Optical technologies, he says, are currently enjoying a renaissance with their promise of archival storage with unmatched durability and potentially significant economic advantages. He pointed to Microsoft's Project Silica, which records data volumetrically within quartz crystals, offering genuinely revolutionary durability. Coughlin adds that competing optical startups like Folio Photonics and Optera are leading the way in materials science, which is key to their ability to scale.
DNA storage encodes digital information within synthetic DNA strands, offering theoretically game-changing density and longevity. He acknowledged several practical hurdles (slow read/write chemical processes) but emphasized DNA’s archival potential, especially if biotech innovations dramatically accelerated sequencing tech.
Coughlin also spent time discussing how compute hardware fundamentally interfaces with memory and storage. As he said, historically, traditional Von Neumann architectures (separation of memory and compute) consumed excessive energy moving data between components. But new memory-centric architectures,(Compute Express Link or CXL) represent strategic responses.
CXL relocates memory away from individual CPUs into shared pools accessible across multiple nodes. Thie goal is to reduce system power demands and add flexibility, though he acknowledged slight latency trade-offs (approximately one nanosecond), making it suitable for many, if not all, scenarios.
Complementing this architectural shift, the NVMe protocol, initially built for SSDs, appears increasingly likely to standardize across storage types, potentially including HDDs and magnetic tape, due to its efficient PCIe-based transport, fostering a unified, performant storage interface environment.
Coughlin also looked to the end of Moore’s Law and its implications on data, focusing first on chiplets, which uses small, specialized semiconductor dies integrated through open standards like UCIe. By combining chiplets optimized individually for logic, memory, or networking, it’s possible to build super-specialized integrated packages at lower costs and with greater flexibility. This isn’t just about compute, either. He says emerging non-volatile memory technologies (e.g., MRAM, ReRAM, PCM, and FRAM), each offer advantages over traditional volatile memories (DRAM, SRAM).

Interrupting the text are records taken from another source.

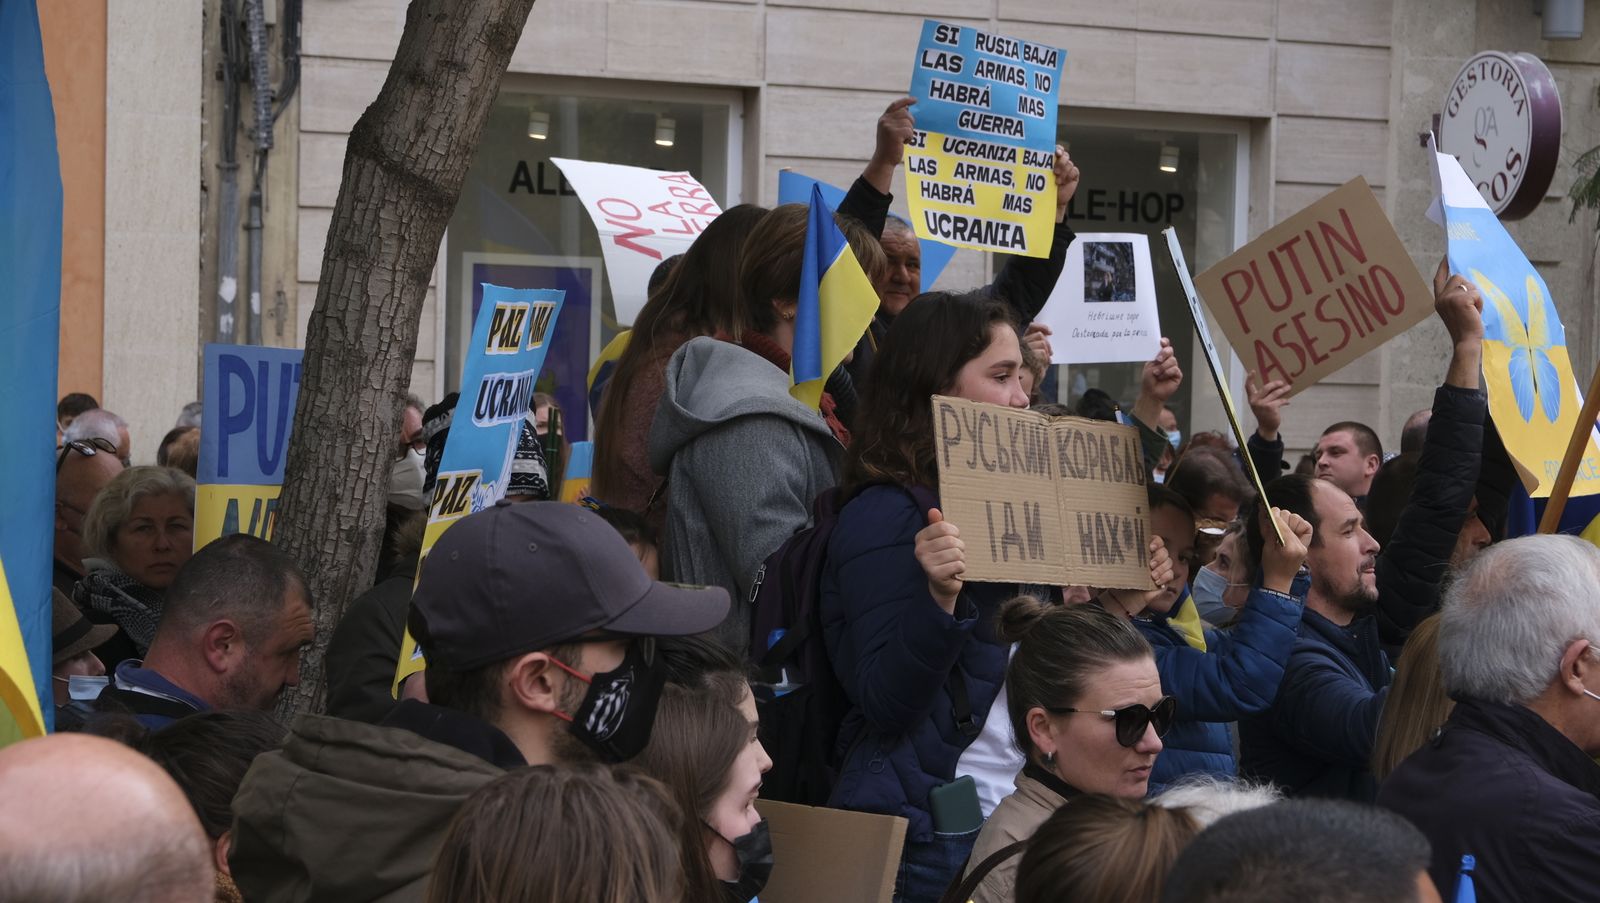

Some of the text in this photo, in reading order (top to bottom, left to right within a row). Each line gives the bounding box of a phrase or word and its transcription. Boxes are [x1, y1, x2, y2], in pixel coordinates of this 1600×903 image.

[935, 25, 1058, 68] SI RUSIA BAJA
[921, 50, 1051, 93] LAS ARMAS, NO
[1448, 61, 1525, 118] GESTORIA
[929, 80, 1045, 117] HABRÁ MAS
[958, 111, 1025, 137] GUERRA
[908, 131, 1054, 169] SI UCRANIA BAJA
[908, 156, 1046, 191] LAS ARMAS, NO
[648, 201, 694, 235] LA
[920, 180, 1033, 213] HABRÁ MAS
[597, 198, 662, 260] NO
[924, 210, 1027, 250] UCRANIA
[1221, 208, 1368, 335] PUTIN
[487, 308, 529, 349] PAZ
[1254, 264, 1406, 386] ASESINO
[1056, 428, 1145, 486] КОРАБЛЬ
[429, 475, 480, 518] PAZ
[986, 501, 1045, 562] ІДИ
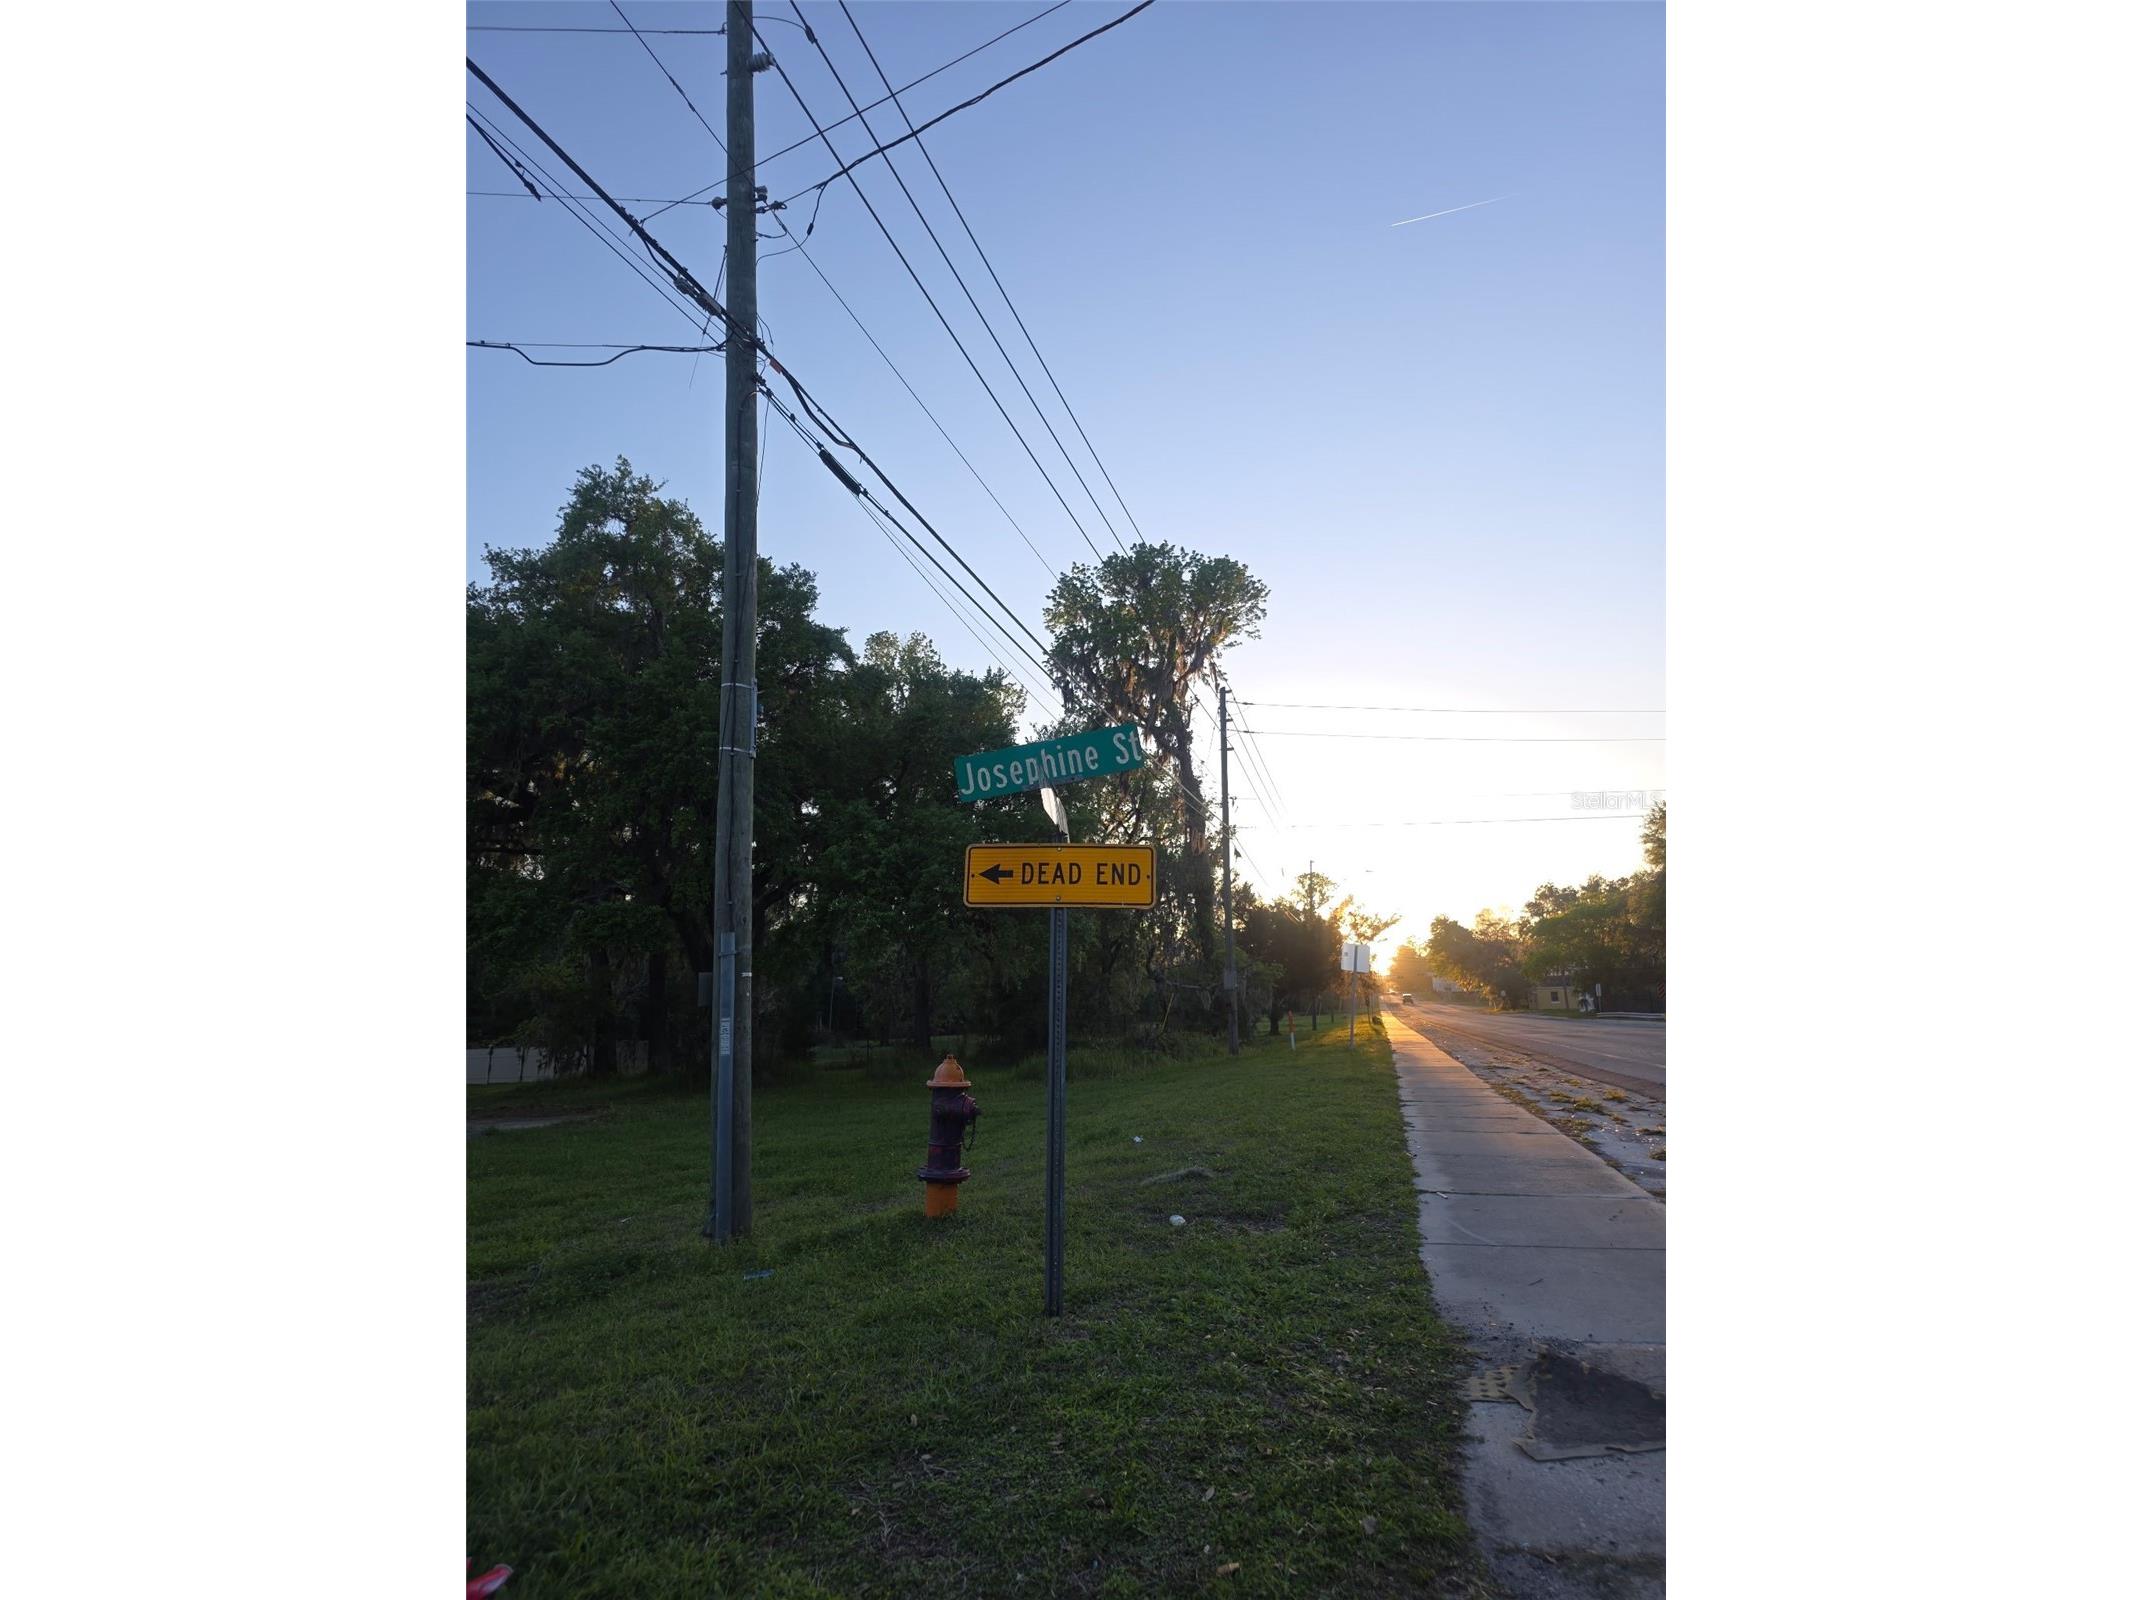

Beyond the terrestrial data explosion, he explored how localized storage and computing resources would become indispensable in space exploration contexts due to high latency in communications with Earth.
He vividly described recent lunar missions embedding data storage and memory infrastructure, projecting humanity's computing demands outward into space exploration and settlement scenarios, emphasizing the urgency of digital preservation by mentioning advanced projects that employ AI-enhanced imaging techniques, such as X-ray tomography, to digitally recover data from ancient scrolls carbonized by volcanic eruptions. I
Coughlin reinforced the narrative that storage isn’t merely a technical challenge but a cultural and civilizational imperative ensuring future access to humanity’s accumulated knowledge and discoveries.